Defendant contends that Plaintiff's claim under Cal. Fin. Code Section 4970 fails because it is insufficiently pled and it is preempted by federal law. Plaintiff contends that his claim is not preempted.

In Plaintiff's claim for violation of California Financial Code Section 4970 et seq., Plaintiff alleges that the actions of Wells Fargo constitute predatory lending. Plaintiff alleges that Defendants committed acts of predatory lending maliciously, fraudulently, and oppressively, with reckless disregard for Plaintiff's rights.

California Financial Code Section 4970 provides limits on the points and fees permissible in covered consumer loans. Cal. Fin. Code § 4970. State law causes of action may be preempted by federal law regulating lending operations. See Naulty v. GreenPoint Mortg. Funding, Inc., Case Nos. C 09-1542 MHP, C 09-1545 MHP, 2009 WL 2870620, at *4 (N.D. Cal. Sept. 3, 2009) (finding that plaintiff's state law causes of action, including those related to lending operations, were "committed by Congress to regulation by a federal agency.") (citing Silvas v. E*Trade Mortg. Corp., 514 F.3d 1001 (9th Cir. 2008); see also Hilton v. Washington Mut. Bank, Case No. C 09-1191 SI, 2009 WL 3485953, at *5 (N.D. Cal. Oct. 28, 2009). "[A] cause of action for violation of California's predatory lending laws, codified at California Financial Code § 4970 et seq , is preempted by HOLA and OTS regulations." Ibarra v. Loan City, Case No. 09-CV-02228-IEG (POR), 2010 WL 415284, at *6 (S.D. Cal. Jan. 27, 2010); see also Coppes v. Wachovia Mortg. Corp., Case No. 2:10-cv-01689-GEB-DAD, 2010 WL 4483817, at *9 (E.D. Cal Nov. 1, 2010) (finding plaintiff's predatory lending claim under Cal. Fin. Code § 4970 to be preempted); 12 CFR §560.2(b) (providing a list of state laws which are preempted by federal occupation of laws affecting the operations of federal savings associations and includes "loan-to-value ratios," "terms of credit," "loan related fees," "disclosure and advertising," "processing, origination, servicing, sale or purchase of...mortgages,"and "interest rate ceilings.").

Plaintiff's claim under California Financial Code Section 4970 is preempted. See Coppes, 2010 WL 4483817, at *9; Ibarra, 2010 WL 415284, at *6. Accordingly, the Motion to Dismiss the California Financial Code Section 4970 claim is granted.

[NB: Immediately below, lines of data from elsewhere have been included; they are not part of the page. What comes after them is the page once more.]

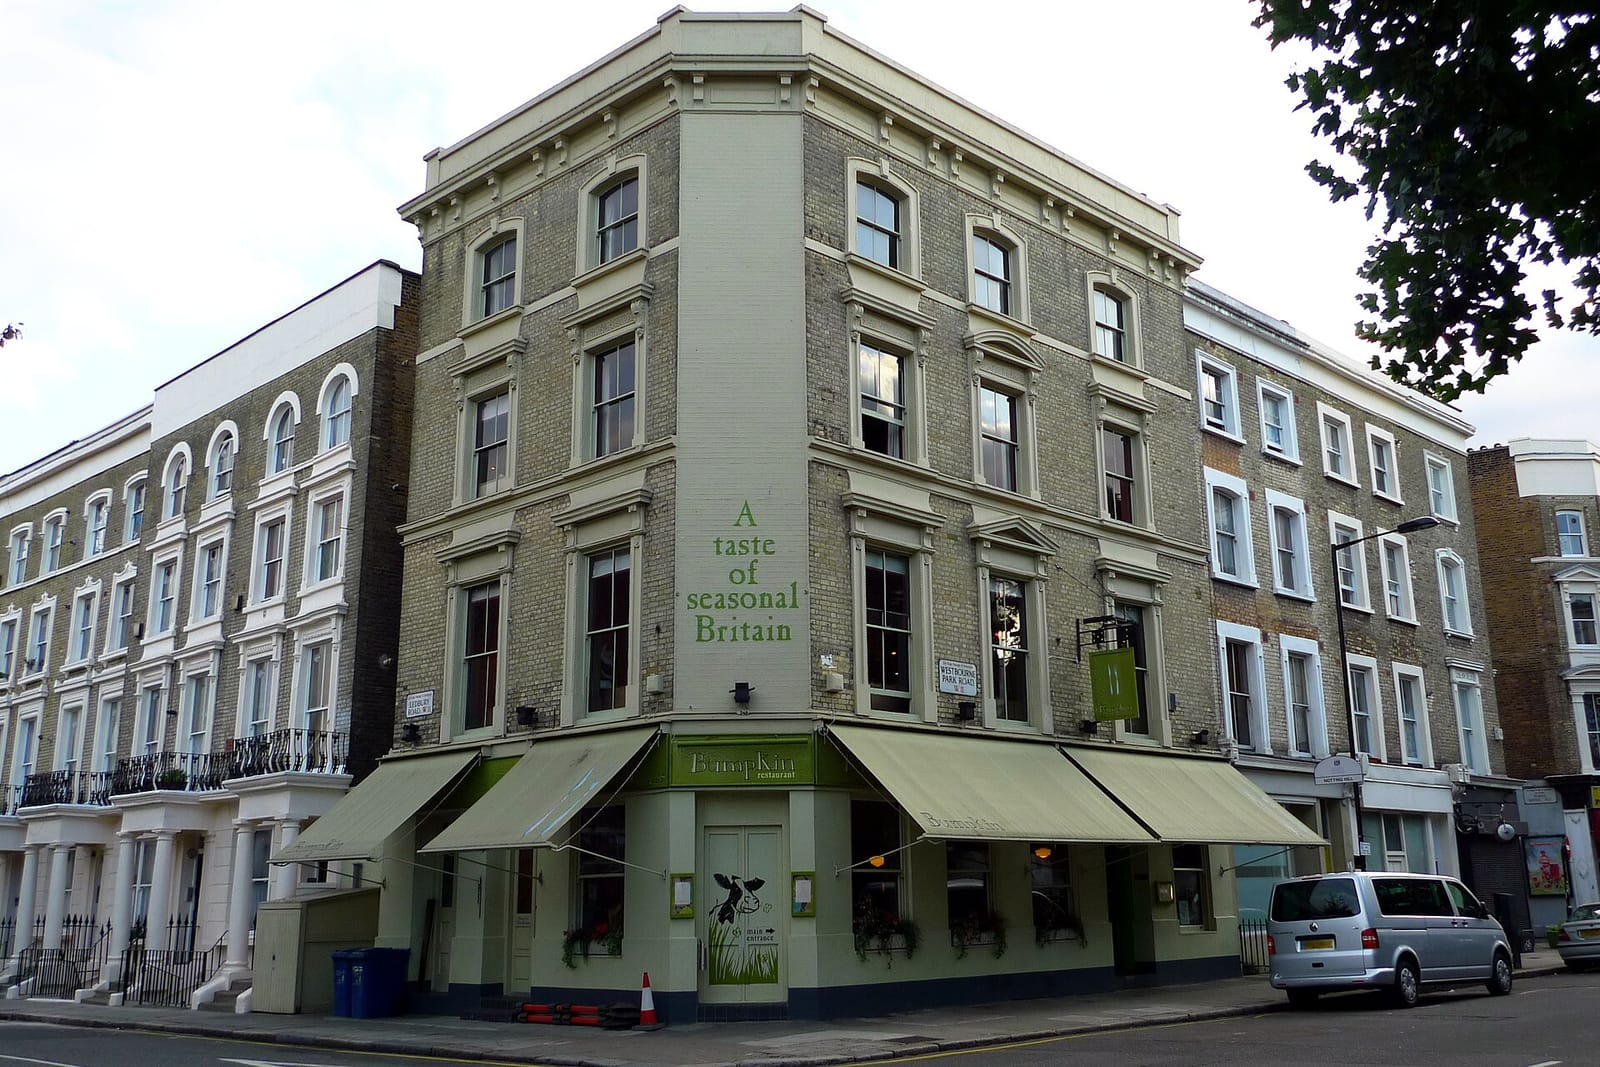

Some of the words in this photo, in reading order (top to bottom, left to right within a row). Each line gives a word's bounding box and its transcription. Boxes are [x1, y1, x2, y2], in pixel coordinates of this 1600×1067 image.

[733, 500, 757, 527] A
[713, 536, 775, 556] taste
[729, 559, 758, 585] of
[687, 581, 799, 610] seasonal
[695, 615, 792, 642] Britain
[941, 666, 976, 679] WESTBOURNE
[942, 675, 958, 684] PARK
[958, 677, 975, 687] ROAD
[757, 771, 795, 779] restaurant

IV. California Bushiness & Professions Code Section 17200 - Claim Five

Defendant Wells Fargo contends that Plaintiff's claim pursuant to California Bushiness & Professions Code Section 17200 fails because all other claims against Wells Fargo fail. Plaintiff contends that because his other claims are properly pled, the unfair competition claim should survive the Motion to Dismiss.

In Plaintiff's claim for violation of California Business and Professions Code Section 17200 et seq., Plaintiff alleges that "Defendants have engaged in said practice, which will be specifically stated when learned and for which Plaintiff will pray for leave to amend when such facts become known or as proved at the time of trial." (ECF No. 1 at 18 ¶ 44). Plaintiff alleges that Defendants violated California Business & Professions Code Section 17200 "by consummating an unlawful, unfair and fraudulent business practice, designed to deprive Plaintiff of his equity in said property." Id.

California law prohibits unfair competition, defined as "any unlawful, unfair or fraudulent business act or practice." Cal. Bus. & Prof. Code § 17200. "By proscribing 'any unlawful' business practice, section 17200 borrows violations of other laws and treats them as unlawful practices that the unfair competition law makes independently actionable." Cel-Tech Commc'ns, Inc. v. Los Angeles Cellular Tel. Co., 20 Cal. 4th 163, 180 (1999) (quoting Cal. Bus. & Prof. Code 17200).

As discussed above, Plaintiff has failed to adequately allege a claim against Wells Fargo. Accordingly, the Motion to Dismiss the California Bushiness & Professions Code Section 17200 claim is granted.

CONCLUSION

IT IS HEREBY ORDERED that the Motion to Dismiss is GRANTED. (ECF No. 6). Plaintiff's claims against Wells Fargo are DISMISSED. Plaintiff may file a first amended complaint no later than thirty days from the date of this Order.